* Work item
Apart from the images, the records below need to be copied exactly.

* Exercise data
-----

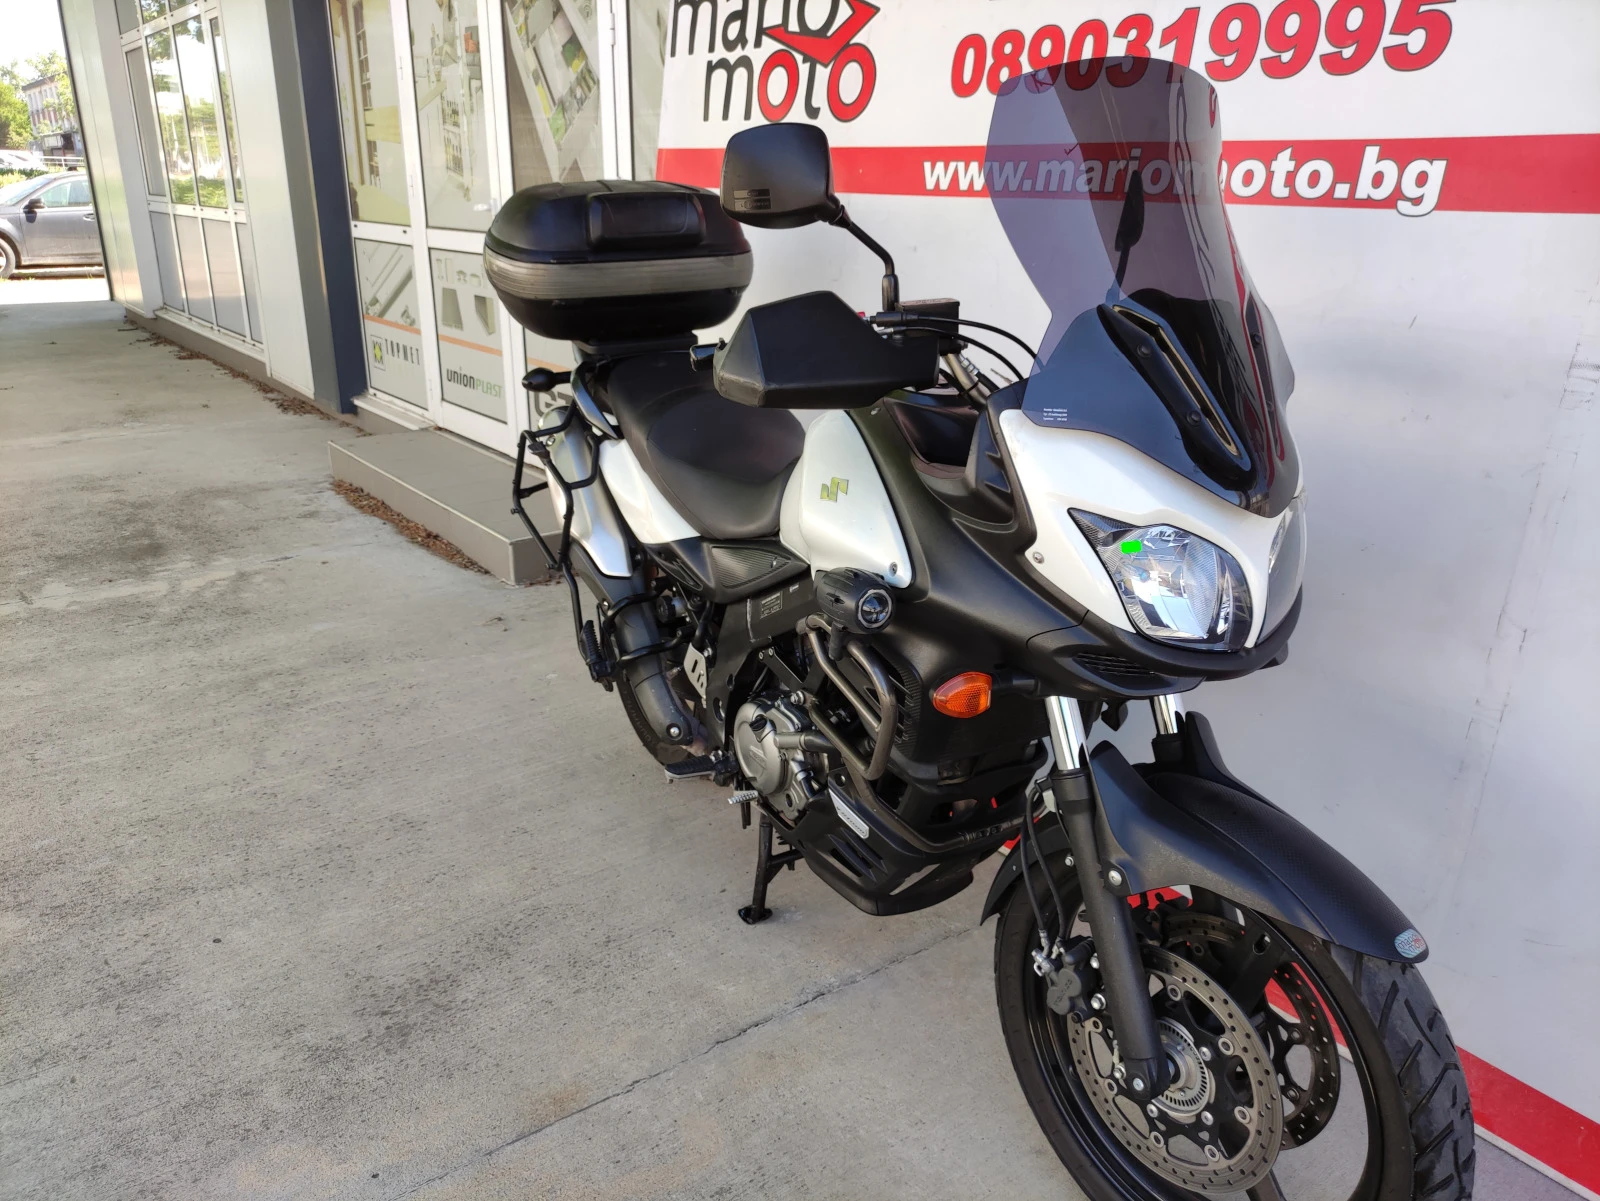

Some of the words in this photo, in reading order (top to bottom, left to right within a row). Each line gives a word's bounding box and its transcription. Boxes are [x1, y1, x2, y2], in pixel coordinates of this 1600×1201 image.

[702, 42, 877, 123] moto
[950, 0, 1456, 98] 0890319995
[922, 145, 1448, 217] www.mariomoto.bg
[384, 338, 421, 366] TOPMET
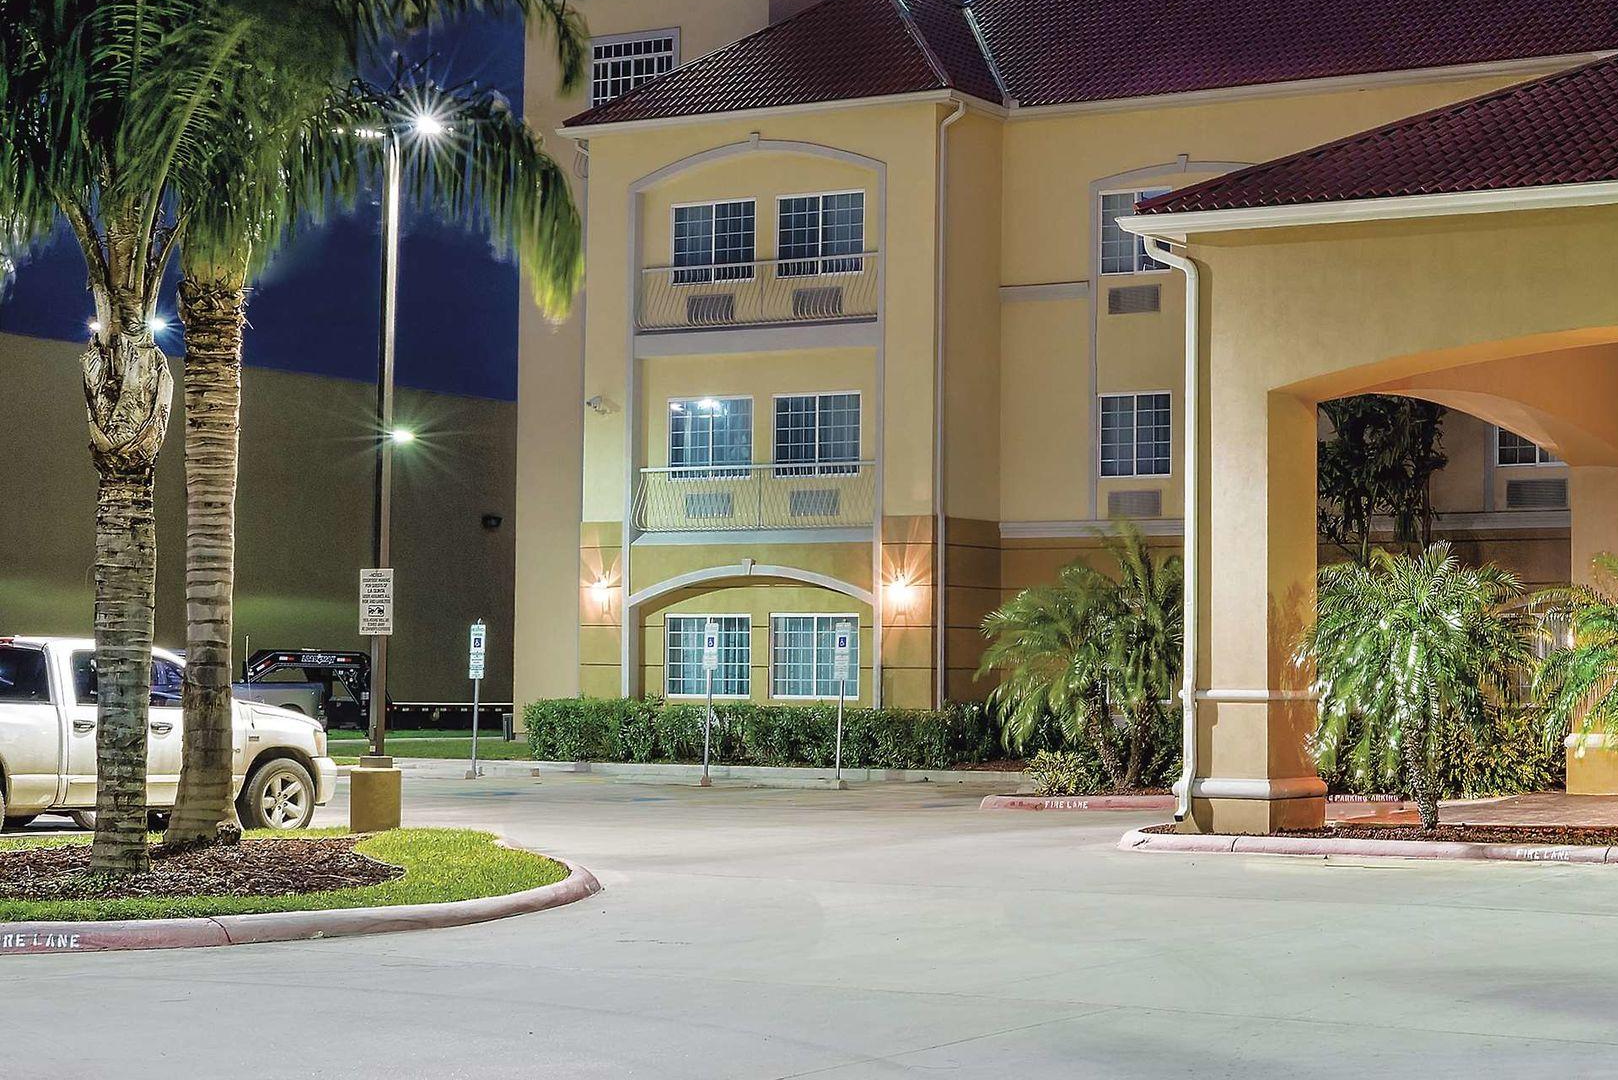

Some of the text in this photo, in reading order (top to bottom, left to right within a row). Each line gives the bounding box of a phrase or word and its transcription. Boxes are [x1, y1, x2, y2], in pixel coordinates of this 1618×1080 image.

[1044, 800, 1088, 809] FIRE LANE
[0, 933, 80, 948] RE LANE
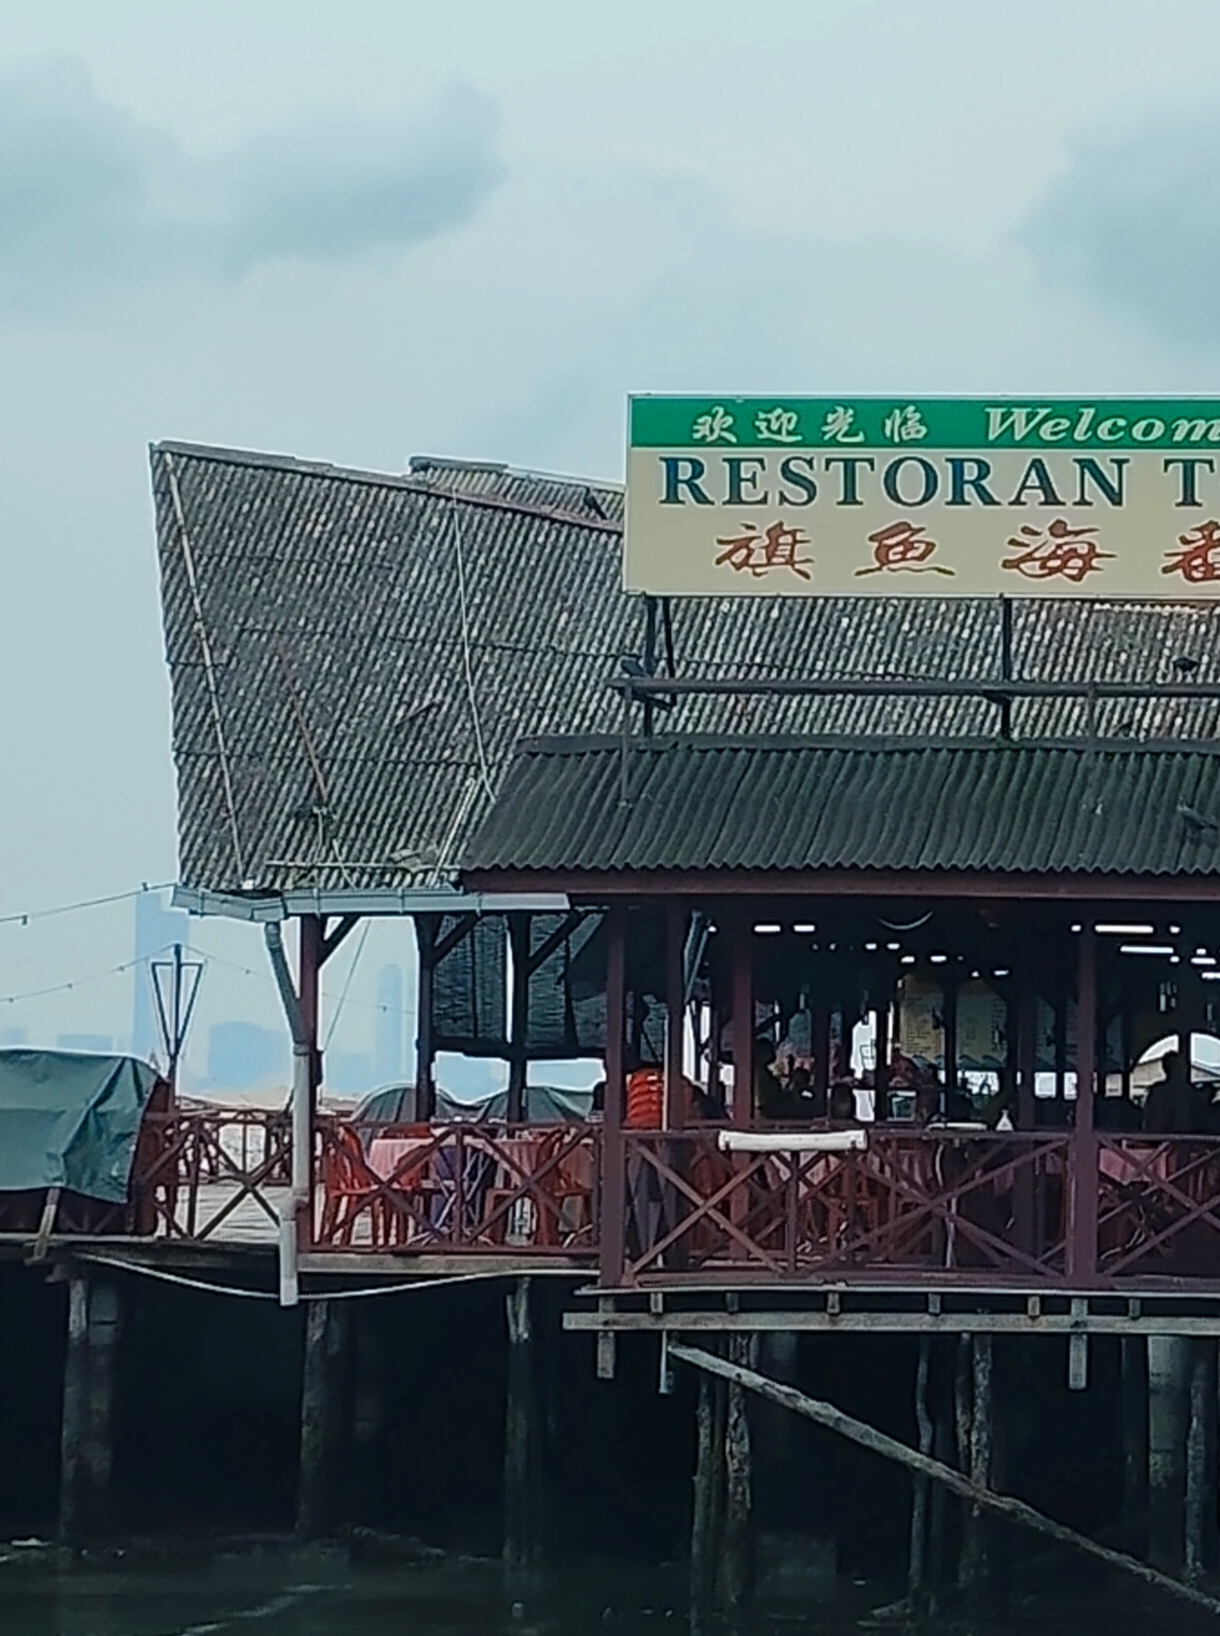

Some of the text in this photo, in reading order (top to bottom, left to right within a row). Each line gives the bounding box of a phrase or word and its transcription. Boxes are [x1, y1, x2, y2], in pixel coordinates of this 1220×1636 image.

[692, 406, 928, 444] 欢迎光临
[658, 456, 1130, 507] RESTORAN

-----

* Solution to the exercise
Some of the words in this photo, in reading order (top to bottom, left to right within a row). Each line gives a word's bounding box and its transcription. Boxes are [x1, y1, x2, y2], in pixel coordinates of this 1600×1201 image.

[702, 42, 877, 123] moto
[950, 0, 1456, 98] 0890319995
[922, 145, 1448, 217] www.mariomoto.bg
[384, 338, 421, 366] TOPMET

Some of the text in this photo, in reading order (top to bottom, left to right within a row). Each line gives the bounding box of a phrase or word and its transcription. Boxes are [x1, y1, x2, y2], in pixel coordinates of this 1618×1080 image.

[1044, 800, 1088, 809] FIRE LANE
[0, 933, 80, 948] RE LANE

Some of the text in this photo, in reading order (top to bottom, left to right within a row). Each line gives the bounding box of a phrase or word and its transcription. Boxes are [x1, y1, x2, y2], in pixel coordinates of this 1220×1636 image.

[692, 406, 928, 444] 欢迎光临
[658, 456, 1130, 507] RESTORAN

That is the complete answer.